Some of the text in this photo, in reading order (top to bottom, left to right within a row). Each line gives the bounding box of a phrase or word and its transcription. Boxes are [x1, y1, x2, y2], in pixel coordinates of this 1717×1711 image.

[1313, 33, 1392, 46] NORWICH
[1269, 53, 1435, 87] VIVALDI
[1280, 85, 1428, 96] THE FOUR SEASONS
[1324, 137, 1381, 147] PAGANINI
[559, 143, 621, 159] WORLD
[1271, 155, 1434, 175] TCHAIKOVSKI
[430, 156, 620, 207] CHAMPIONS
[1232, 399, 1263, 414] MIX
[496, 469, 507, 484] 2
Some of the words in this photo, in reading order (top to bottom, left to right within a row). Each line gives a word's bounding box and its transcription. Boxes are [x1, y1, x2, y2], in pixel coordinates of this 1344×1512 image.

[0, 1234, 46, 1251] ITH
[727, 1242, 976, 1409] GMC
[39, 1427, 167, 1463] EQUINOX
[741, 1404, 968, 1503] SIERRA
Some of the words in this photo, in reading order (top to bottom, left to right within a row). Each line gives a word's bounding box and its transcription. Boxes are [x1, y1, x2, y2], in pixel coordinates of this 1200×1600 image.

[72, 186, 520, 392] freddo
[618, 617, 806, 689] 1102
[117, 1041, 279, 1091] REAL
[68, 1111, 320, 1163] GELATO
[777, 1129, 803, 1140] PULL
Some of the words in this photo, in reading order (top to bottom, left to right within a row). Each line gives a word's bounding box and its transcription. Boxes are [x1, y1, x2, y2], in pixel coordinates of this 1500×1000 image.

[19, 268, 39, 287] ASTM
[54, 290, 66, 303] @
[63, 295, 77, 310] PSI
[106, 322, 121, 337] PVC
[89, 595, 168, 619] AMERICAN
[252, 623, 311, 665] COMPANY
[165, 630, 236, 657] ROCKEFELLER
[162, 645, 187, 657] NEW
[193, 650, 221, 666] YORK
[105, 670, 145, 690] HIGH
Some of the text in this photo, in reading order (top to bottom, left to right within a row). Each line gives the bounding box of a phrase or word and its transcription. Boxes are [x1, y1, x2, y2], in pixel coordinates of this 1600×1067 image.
● ● ● ● ●
When you answer, repeat each entry exactly as it appears above.

§ **Written solution**:
Some of the text in this photo, in reading order (top to bottom, left to right within a row). Each line gives the bounding box of a phrase or word and its transcription. Boxes are [x1, y1, x2, y2], in pixel coordinates of this 1717×1711 image.

[1313, 33, 1392, 46] NORWICH
[1269, 53, 1435, 87] VIVALDI
[1280, 85, 1428, 96] THE FOUR SEASONS
[1324, 137, 1381, 147] PAGANINI
[559, 143, 621, 159] WORLD
[1271, 155, 1434, 175] TCHAIKOVSKI
[430, 156, 620, 207] CHAMPIONS
[1232, 399, 1263, 414] MIX
[496, 469, 507, 484] 2
Some of the words in this photo, in reading order (top to bottom, left to right within a row). Each line gives a word's bounding box and its transcription. Boxes are [x1, y1, x2, y2], in pixel coordinates of this 1344×1512 image.

[0, 1234, 46, 1251] ITH
[727, 1242, 976, 1409] GMC
[39, 1427, 167, 1463] EQUINOX
[741, 1404, 968, 1503] SIERRA
Some of the words in this photo, in reading order (top to bottom, left to right within a row). Each line gives a word's bounding box and its transcription. Boxes are [x1, y1, x2, y2], in pixel coordinates of this 1200×1600 image.

[72, 186, 520, 392] freddo
[618, 617, 806, 689] 1102
[117, 1041, 279, 1091] REAL
[68, 1111, 320, 1163] GELATO
[777, 1129, 803, 1140] PULL
Some of the words in this photo, in reading order (top to bottom, left to right within a row). Each line gives a word's bounding box and its transcription. Boxes are [x1, y1, x2, y2], in pixel coordinates of this 1500×1000 image.

[19, 268, 39, 287] ASTM
[54, 290, 66, 303] @
[63, 295, 77, 310] PSI
[106, 322, 121, 337] PVC
[89, 595, 168, 619] AMERICAN
[252, 623, 311, 665] COMPANY
[165, 630, 236, 657] ROCKEFELLER
[162, 645, 187, 657] NEW
[193, 650, 221, 666] YORK
[105, 670, 145, 690] HIGH
Some of the text in this photo, in reading order (top to bottom, left to right within a row). Each line gives the bounding box of a phrase or word and its transcription. Boxes are [x1, y1, x2, y2], in pixel coordinates of this 1600×1067 image.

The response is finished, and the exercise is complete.